This task calls for every entry below to be repeated exactly.

▶ [Information shown]:
────────────────────

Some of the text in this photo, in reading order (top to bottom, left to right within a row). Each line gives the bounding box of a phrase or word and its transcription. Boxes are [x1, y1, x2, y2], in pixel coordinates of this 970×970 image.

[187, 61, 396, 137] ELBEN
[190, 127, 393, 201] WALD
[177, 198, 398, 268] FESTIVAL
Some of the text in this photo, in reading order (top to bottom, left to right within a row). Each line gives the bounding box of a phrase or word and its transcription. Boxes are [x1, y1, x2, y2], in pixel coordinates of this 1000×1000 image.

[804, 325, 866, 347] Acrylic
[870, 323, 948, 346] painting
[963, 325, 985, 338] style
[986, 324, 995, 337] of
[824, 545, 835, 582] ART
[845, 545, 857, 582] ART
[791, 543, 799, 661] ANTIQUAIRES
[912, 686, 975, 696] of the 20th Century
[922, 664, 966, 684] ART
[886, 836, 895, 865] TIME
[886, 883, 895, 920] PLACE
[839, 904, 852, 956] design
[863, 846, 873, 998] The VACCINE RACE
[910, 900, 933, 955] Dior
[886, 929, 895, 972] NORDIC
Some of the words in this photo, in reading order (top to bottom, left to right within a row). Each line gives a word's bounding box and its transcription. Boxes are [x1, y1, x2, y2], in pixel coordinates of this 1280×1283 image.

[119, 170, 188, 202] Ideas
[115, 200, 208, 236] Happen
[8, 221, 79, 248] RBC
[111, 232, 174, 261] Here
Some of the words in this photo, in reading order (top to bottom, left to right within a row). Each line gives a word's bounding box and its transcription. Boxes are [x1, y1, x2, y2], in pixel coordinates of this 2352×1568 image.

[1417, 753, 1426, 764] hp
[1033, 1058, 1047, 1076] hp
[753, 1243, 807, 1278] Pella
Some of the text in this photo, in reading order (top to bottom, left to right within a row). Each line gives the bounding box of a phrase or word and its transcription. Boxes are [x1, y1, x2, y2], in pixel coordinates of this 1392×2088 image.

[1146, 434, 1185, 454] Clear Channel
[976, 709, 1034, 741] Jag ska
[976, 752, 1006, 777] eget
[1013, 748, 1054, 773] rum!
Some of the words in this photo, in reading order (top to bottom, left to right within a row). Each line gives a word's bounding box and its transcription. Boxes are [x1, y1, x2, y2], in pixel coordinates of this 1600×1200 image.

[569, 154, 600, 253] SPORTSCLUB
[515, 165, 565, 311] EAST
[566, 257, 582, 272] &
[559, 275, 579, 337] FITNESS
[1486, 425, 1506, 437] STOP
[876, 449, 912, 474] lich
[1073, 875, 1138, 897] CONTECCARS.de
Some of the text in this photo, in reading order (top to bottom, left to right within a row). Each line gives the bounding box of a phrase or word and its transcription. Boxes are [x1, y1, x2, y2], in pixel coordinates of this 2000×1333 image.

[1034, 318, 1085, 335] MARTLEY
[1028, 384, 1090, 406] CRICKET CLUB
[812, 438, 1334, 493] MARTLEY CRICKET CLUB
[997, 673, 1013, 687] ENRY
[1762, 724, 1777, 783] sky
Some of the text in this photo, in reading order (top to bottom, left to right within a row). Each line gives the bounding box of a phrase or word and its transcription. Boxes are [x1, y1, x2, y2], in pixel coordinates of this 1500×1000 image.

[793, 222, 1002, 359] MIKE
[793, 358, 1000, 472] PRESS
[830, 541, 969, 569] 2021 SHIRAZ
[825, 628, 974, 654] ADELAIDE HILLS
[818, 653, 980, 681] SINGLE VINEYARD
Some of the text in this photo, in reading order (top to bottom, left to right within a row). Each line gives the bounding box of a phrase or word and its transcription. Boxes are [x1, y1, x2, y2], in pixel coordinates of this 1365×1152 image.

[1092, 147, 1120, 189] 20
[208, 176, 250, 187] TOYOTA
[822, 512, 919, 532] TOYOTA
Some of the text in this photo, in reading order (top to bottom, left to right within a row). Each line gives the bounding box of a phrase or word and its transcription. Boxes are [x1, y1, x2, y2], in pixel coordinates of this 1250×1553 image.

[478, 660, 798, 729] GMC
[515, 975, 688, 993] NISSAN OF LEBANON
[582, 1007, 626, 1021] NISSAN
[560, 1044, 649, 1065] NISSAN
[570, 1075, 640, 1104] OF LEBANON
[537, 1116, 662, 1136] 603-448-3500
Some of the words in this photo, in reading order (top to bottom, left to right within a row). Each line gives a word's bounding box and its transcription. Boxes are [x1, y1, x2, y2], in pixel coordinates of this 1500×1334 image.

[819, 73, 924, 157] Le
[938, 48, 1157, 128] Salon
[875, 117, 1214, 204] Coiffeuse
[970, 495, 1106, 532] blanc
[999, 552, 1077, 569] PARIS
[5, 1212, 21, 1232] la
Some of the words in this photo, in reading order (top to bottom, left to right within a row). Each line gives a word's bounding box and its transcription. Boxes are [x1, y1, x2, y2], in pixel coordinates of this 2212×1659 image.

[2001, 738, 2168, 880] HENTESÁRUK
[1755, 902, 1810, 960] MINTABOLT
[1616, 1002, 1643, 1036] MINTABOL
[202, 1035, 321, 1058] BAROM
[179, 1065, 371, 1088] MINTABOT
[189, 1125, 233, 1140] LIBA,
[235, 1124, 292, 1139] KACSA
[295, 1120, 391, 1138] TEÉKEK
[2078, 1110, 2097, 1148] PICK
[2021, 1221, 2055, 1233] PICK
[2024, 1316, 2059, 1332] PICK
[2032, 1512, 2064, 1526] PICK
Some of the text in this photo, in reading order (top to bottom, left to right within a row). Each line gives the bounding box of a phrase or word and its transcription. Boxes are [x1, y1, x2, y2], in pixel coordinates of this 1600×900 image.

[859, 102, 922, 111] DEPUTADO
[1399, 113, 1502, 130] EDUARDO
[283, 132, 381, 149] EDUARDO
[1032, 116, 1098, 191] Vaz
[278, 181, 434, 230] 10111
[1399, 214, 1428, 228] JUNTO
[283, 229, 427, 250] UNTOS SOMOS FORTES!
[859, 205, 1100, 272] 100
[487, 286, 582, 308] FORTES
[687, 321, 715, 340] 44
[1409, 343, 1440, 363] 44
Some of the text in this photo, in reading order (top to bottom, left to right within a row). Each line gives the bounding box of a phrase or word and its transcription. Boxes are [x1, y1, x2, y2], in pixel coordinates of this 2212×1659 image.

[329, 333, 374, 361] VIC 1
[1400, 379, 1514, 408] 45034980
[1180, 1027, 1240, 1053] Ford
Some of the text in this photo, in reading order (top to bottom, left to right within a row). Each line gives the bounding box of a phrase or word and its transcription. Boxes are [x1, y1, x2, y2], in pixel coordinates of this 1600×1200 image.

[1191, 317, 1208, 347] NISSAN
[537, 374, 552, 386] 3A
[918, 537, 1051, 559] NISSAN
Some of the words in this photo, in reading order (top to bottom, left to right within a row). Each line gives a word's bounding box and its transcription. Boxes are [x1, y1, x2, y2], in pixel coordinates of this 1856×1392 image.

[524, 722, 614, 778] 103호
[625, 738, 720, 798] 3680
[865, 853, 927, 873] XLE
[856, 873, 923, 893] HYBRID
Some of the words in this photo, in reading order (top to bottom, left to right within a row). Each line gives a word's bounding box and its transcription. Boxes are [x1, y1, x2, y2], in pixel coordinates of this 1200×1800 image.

────────────────────

▶ [Expected answer]:
Some of the text in this photo, in reading order (top to bottom, left to right within a row). Each line gives the bounding box of a phrase or word and its transcription. Boxes are [x1, y1, x2, y2], in pixel coordinates of this 970×970 image.

[187, 61, 396, 137] ELBEN
[190, 127, 393, 201] WALD
[177, 198, 398, 268] FESTIVAL
Some of the text in this photo, in reading order (top to bottom, left to right within a row). Each line gives the bounding box of a phrase or word and its transcription. Boxes are [x1, y1, x2, y2], in pixel coordinates of this 1000×1000 image.

[804, 325, 866, 347] Acrylic
[870, 323, 948, 346] painting
[963, 325, 985, 338] style
[986, 324, 995, 337] of
[824, 545, 835, 582] ART
[845, 545, 857, 582] ART
[791, 543, 799, 661] ANTIQUAIRES
[912, 686, 975, 696] of the 20th Century
[922, 664, 966, 684] ART
[886, 836, 895, 865] TIME
[886, 883, 895, 920] PLACE
[839, 904, 852, 956] design
[863, 846, 873, 998] The VACCINE RACE
[910, 900, 933, 955] Dior
[886, 929, 895, 972] NORDIC
Some of the words in this photo, in reading order (top to bottom, left to right within a row). Each line gives a word's bounding box and its transcription. Boxes are [x1, y1, x2, y2], in pixel coordinates of this 1280×1283 image.

[119, 170, 188, 202] Ideas
[115, 200, 208, 236] Happen
[8, 221, 79, 248] RBC
[111, 232, 174, 261] Here
Some of the words in this photo, in reading order (top to bottom, left to right within a row). Each line gives a word's bounding box and its transcription. Boxes are [x1, y1, x2, y2], in pixel coordinates of this 2352×1568 image.

[1417, 753, 1426, 764] hp
[1033, 1058, 1047, 1076] hp
[753, 1243, 807, 1278] Pella
Some of the text in this photo, in reading order (top to bottom, left to right within a row). Each line gives the bounding box of a phrase or word and its transcription. Boxes are [x1, y1, x2, y2], in pixel coordinates of this 1392×2088 image.

[1146, 434, 1185, 454] Clear Channel
[976, 709, 1034, 741] Jag ska
[976, 752, 1006, 777] eget
[1013, 748, 1054, 773] rum!
Some of the words in this photo, in reading order (top to bottom, left to right within a row). Each line gives a word's bounding box and its transcription. Boxes are [x1, y1, x2, y2], in pixel coordinates of this 1600×1200 image.

[569, 154, 600, 253] SPORTSCLUB
[515, 165, 565, 311] EAST
[566, 257, 582, 272] &
[559, 275, 579, 337] FITNESS
[1486, 425, 1506, 437] STOP
[876, 449, 912, 474] lich
[1073, 875, 1138, 897] CONTECCARS.de
Some of the text in this photo, in reading order (top to bottom, left to right within a row). Each line gives the bounding box of a phrase or word and its transcription. Boxes are [x1, y1, x2, y2], in pixel coordinates of this 2000×1333 image.

[1034, 318, 1085, 335] MARTLEY
[1028, 384, 1090, 406] CRICKET CLUB
[812, 438, 1334, 493] MARTLEY CRICKET CLUB
[997, 673, 1013, 687] ENRY
[1762, 724, 1777, 783] sky
Some of the text in this photo, in reading order (top to bottom, left to right within a row). Each line gives the bounding box of a phrase or word and its transcription. Boxes are [x1, y1, x2, y2], in pixel coordinates of this 1500×1000 image.

[793, 222, 1002, 359] MIKE
[793, 358, 1000, 472] PRESS
[830, 541, 969, 569] 2021 SHIRAZ
[825, 628, 974, 654] ADELAIDE HILLS
[818, 653, 980, 681] SINGLE VINEYARD
Some of the text in this photo, in reading order (top to bottom, left to right within a row). Each line gives the bounding box of a phrase or word and its transcription. Boxes are [x1, y1, x2, y2], in pixel coordinates of this 1365×1152 image.

[1092, 147, 1120, 189] 20
[208, 176, 250, 187] TOYOTA
[822, 512, 919, 532] TOYOTA
Some of the text in this photo, in reading order (top to bottom, left to right within a row). Each line gives the bounding box of a phrase or word and its transcription. Boxes are [x1, y1, x2, y2], in pixel coordinates of this 1250×1553 image.

[478, 660, 798, 729] GMC
[515, 975, 688, 993] NISSAN OF LEBANON
[582, 1007, 626, 1021] NISSAN
[560, 1044, 649, 1065] NISSAN
[570, 1075, 640, 1104] OF LEBANON
[537, 1116, 662, 1136] 603-448-3500
Some of the words in this photo, in reading order (top to bottom, left to right within a row). Each line gives a word's bounding box and its transcription. Boxes are [x1, y1, x2, y2], in pixel coordinates of this 1500×1334 image.

[819, 73, 924, 157] Le
[938, 48, 1157, 128] Salon
[875, 117, 1214, 204] Coiffeuse
[970, 495, 1106, 532] blanc
[999, 552, 1077, 569] PARIS
[5, 1212, 21, 1232] la
Some of the words in this photo, in reading order (top to bottom, left to right within a row). Each line gives a word's bounding box and its transcription. Boxes are [x1, y1, x2, y2], in pixel coordinates of this 2212×1659 image.

[2001, 738, 2168, 880] HENTESÁRUK
[1755, 902, 1810, 960] MINTABOLT
[1616, 1002, 1643, 1036] MINTABOL
[202, 1035, 321, 1058] BAROM
[179, 1065, 371, 1088] MINTABOT
[189, 1125, 233, 1140] LIBA,
[235, 1124, 292, 1139] KACSA
[295, 1120, 391, 1138] TEÉKEK
[2078, 1110, 2097, 1148] PICK
[2021, 1221, 2055, 1233] PICK
[2024, 1316, 2059, 1332] PICK
[2032, 1512, 2064, 1526] PICK
Some of the text in this photo, in reading order (top to bottom, left to right within a row). Each line gives the bounding box of a phrase or word and its transcription. Boxes are [x1, y1, x2, y2], in pixel coordinates of this 1600×900 image.

[859, 102, 922, 111] DEPUTADO
[1399, 113, 1502, 130] EDUARDO
[283, 132, 381, 149] EDUARDO
[1032, 116, 1098, 191] Vaz
[278, 181, 434, 230] 10111
[1399, 214, 1428, 228] JUNTO
[283, 229, 427, 250] UNTOS SOMOS FORTES!
[859, 205, 1100, 272] 100
[487, 286, 582, 308] FORTES
[687, 321, 715, 340] 44
[1409, 343, 1440, 363] 44
Some of the text in this photo, in reading order (top to bottom, left to right within a row). Each line gives the bounding box of a phrase or word and its transcription. Boxes are [x1, y1, x2, y2], in pixel coordinates of this 2212×1659 image.

[329, 333, 374, 361] VIC 1
[1400, 379, 1514, 408] 45034980
[1180, 1027, 1240, 1053] Ford
Some of the text in this photo, in reading order (top to bottom, left to right within a row). Each line gives the bounding box of a phrase or word and its transcription. Boxes are [x1, y1, x2, y2], in pixel coordinates of this 1600×1200 image.

[1191, 317, 1208, 347] NISSAN
[537, 374, 552, 386] 3A
[918, 537, 1051, 559] NISSAN
Some of the words in this photo, in reading order (top to bottom, left to right within a row). Each line gives a word's bounding box and its transcription. Boxes are [x1, y1, x2, y2], in pixel coordinates of this 1856×1392 image.

[524, 722, 614, 778] 103호
[625, 738, 720, 798] 3680
[865, 853, 927, 873] XLE
[856, 873, 923, 893] HYBRID
Some of the words in this photo, in reading order (top to bottom, left to right within a row). Each line gives a word's bounding box and its transcription. Boxes are [x1, y1, x2, y2], in pixel coordinates of this 1200×1800 image.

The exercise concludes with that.